Desde el punto de vista social, sin embargo, el asunto es muy diferente y requiere de múltiples análisis que conducen a resultados mucho más diferenciados. Hace poco, el filósofo surcoreano Byun-Chul Han nos recordaba que ni la muerte ni las vulnerabilidades biológicas son democráticas, porque si bien a todos nos amenazan, a unos los acaban afectando —y matando— más que a otros. Esta pandemia ha puesto de relieve, una vez más, y de manera dramática, las inequidades y desigualdades sociales que existen, tanto al interior de cada país, de cada ciudad, o incluso de cada barrio, como dentro de las diferentes regiones y los diversos países del mundo. Hay muros que separan países y también los hay que dividen dentro de un mismo país. A causa del virus, las inequidades sociales se han hecho evidentes ante los ojos del mundo. La tendencia a ignorarlas, o a aceptarlas como parte del paisaje natural de nuestro planeta, ha desnudado la perversidad que esconde.

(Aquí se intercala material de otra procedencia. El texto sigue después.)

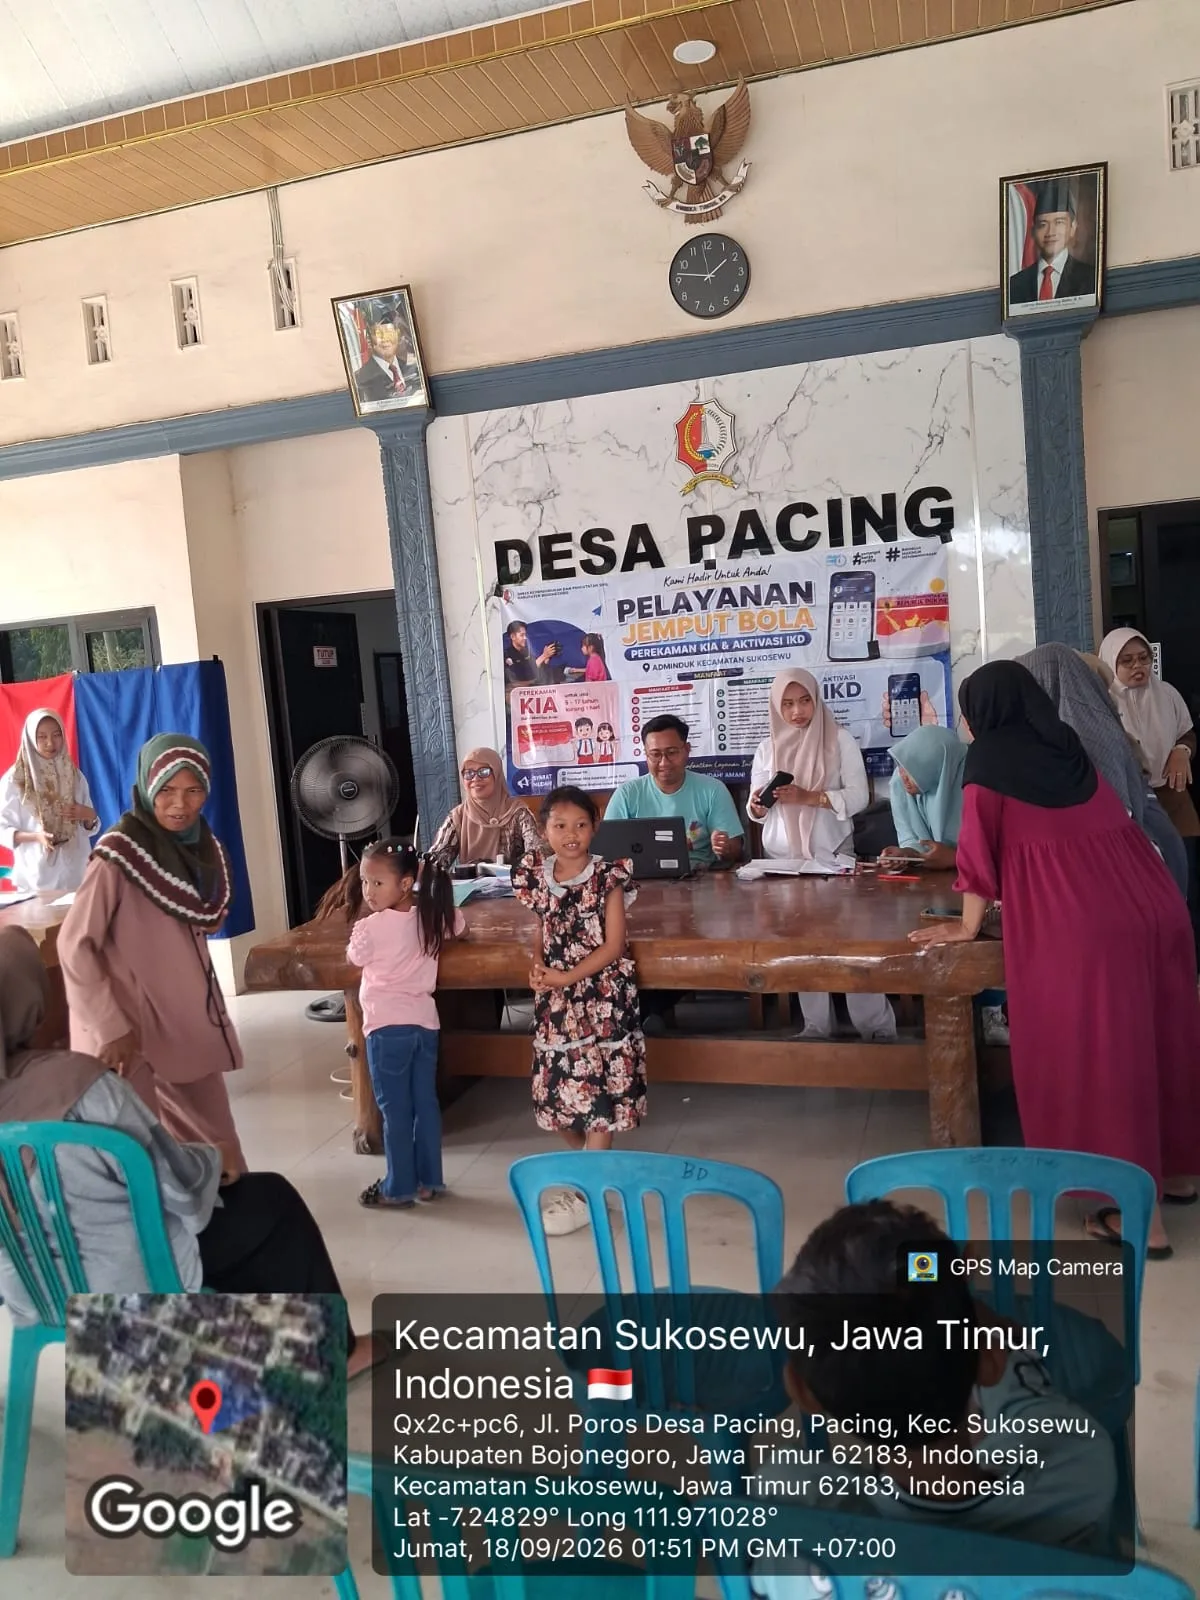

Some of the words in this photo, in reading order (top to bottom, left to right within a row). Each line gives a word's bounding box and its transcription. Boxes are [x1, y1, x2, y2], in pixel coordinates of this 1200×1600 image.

[703, 240, 712, 250] 12
[690, 247, 697, 256] 11
[732, 252, 739, 261] 2
[680, 260, 688, 270] 10
[738, 267, 744, 276] 3
[675, 276, 682, 285] 9
[733, 284, 740, 292] 4
[681, 292, 687, 301] 8
[723, 296, 730, 306] 5
[695, 301, 700, 310] 7
[708, 302, 715, 312] 6
[494, 523, 665, 586] DESA
[686, 486, 954, 566] PACING
[664, 575, 684, 587] Kami
[687, 571, 711, 584] Hadir
[715, 568, 740, 581] Untuk
[743, 565, 771, 577] Anda!
[617, 580, 814, 623] PELAYANAN
[622, 611, 732, 646] JEMPUT
[738, 607, 815, 633] BOLA
[630, 643, 697, 659] PEREKAMAN
[700, 641, 718, 652] KIA
[721, 640, 729, 650] &
[732, 636, 783, 649] AKTIVASI
[786, 633, 805, 645] IKD
[652, 660, 695, 671] ADMINDUK
[697, 656, 745, 668] KECAMATAN
[746, 652, 791, 664] SUKOSEWU
[694, 670, 727, 679] MANFAAT
[823, 674, 856, 682] AKTIVASI
[823, 681, 862, 700] IKD
[520, 696, 558, 715] KIA
[685, 761, 713, 769] nfaatkan
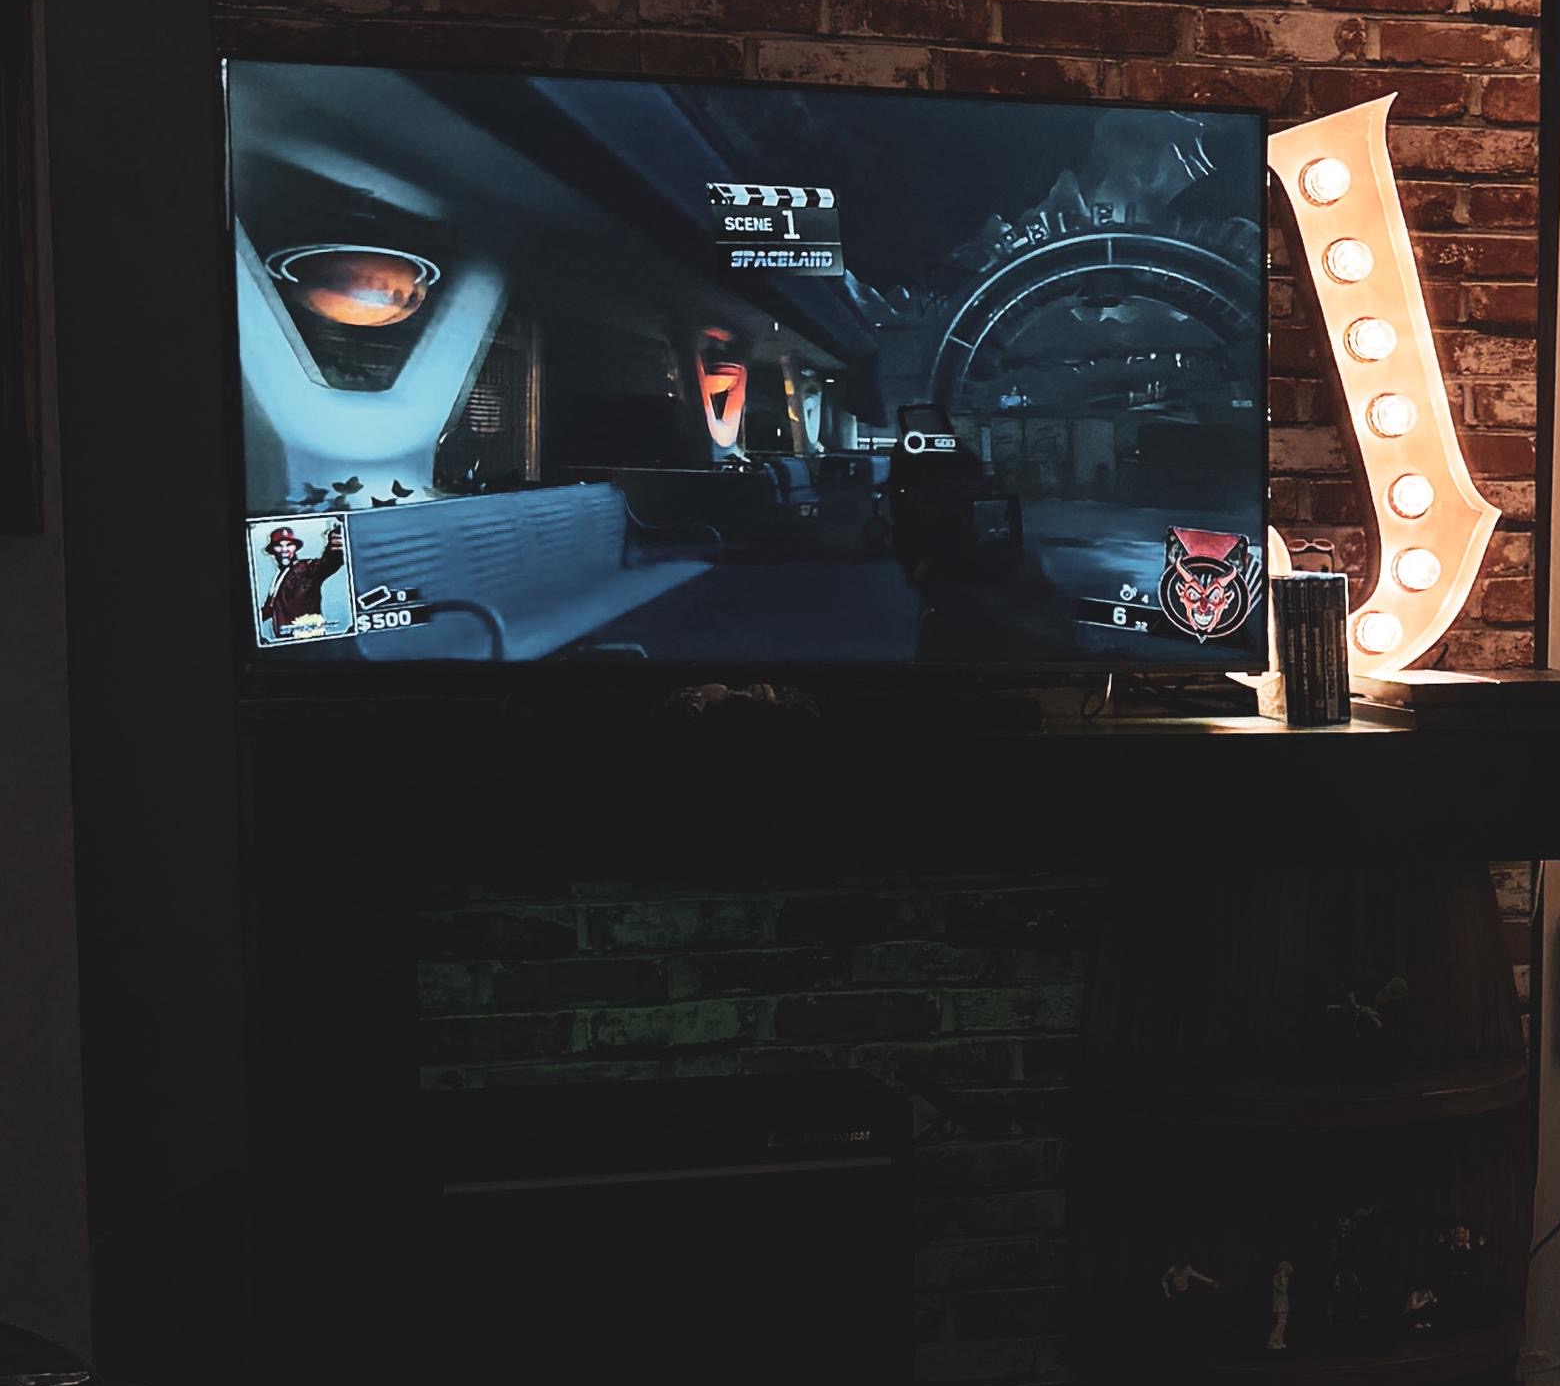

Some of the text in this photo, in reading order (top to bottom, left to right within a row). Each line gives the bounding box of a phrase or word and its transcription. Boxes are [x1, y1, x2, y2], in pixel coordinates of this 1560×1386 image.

[724, 209, 801, 240] SCENE 1
[730, 250, 833, 269] SPACELAND
[357, 610, 412, 632] $500
[1112, 607, 1127, 626] 6

Es una verdad incuestionable que el mundo ya andaba bastante mal antes de la pandemia, solo que ahora esas fracturas se nos revelan de una manera más evidente y también como amenaza para todos.

Caemos en la cuenta, entonces, de que nos habíamos acostumbrado a que el mundo era así y no podía ser de otro modo, y si algo hemos aprendido de esta pandemia, es que nadie se salva o se defiende solo. El COVID 19 le ha puesto rostro humano a ese retórico “nosotros” colectivo. Decimos —y repetimos— que solo juntos saldremos adelante, y es verdad. pero únicamente si logramos articular lo biológico y lo social de una manera más inteligente y razonable a como lo hemos hecho hasta ahora.

Preguntas que nunca sobran

Lo anterior nos obliga a plantear, nuevamente, la pregunta por la manera como asumimos la relación entre realidad natural y realidad social: ¿son la misma realidad?, ¿las leyes de una —si las hay— determinan y gobiernan también a la otra?, ¿qué papel juega el ser humano en el complejo mundo de relaciones entre naturaleza y mundo social, político y cultural?

Estas son viejas preguntas filosóficas que nunca envejecen del todo, y que cuentan, quizás por eso mismo, con una larga historia. Las culturas ancestrales de la humanidad, ciertamente, vivían y cultivaban una cercanía mucho más auténtica y profunda con la naturaleza de lo que logramos hoy nosotros. Su idea de lo natural era menos estrecha que la nuestra, abarcaba todos los aspectos de la realidad, los mismos que nosotros hoy, consciente o inconscientemente, tendemos a disociar o separar.

Parte de la naturaleza eran los ríos y los bosques, las aves y los peces, pero también las enfermedades y las guerras, la presencia de los espíritus, el honor debido a las diferentes deidades, las estructuras de poder, los mitos y la música. 

Natural era para ellos, mucho de lo que hoy nosotros radicalmente no aceptaríamos que formara parte de la naturaleza, como el sometimiento de las mujeres a los varones, la esclavitud, la autoridad del monarca y del chamán en prácticamente todos los dominios de la vida, la pena de muerte o el dominio de una raza sobre otras. Incluso un pensador tan agudo y crítico como Aristóteles, en el siglo IV A.C., pensaba que mujer, hijos y esclavos eran, en cierto sentido, propiedad natural del cultivado ciudadano ateniense.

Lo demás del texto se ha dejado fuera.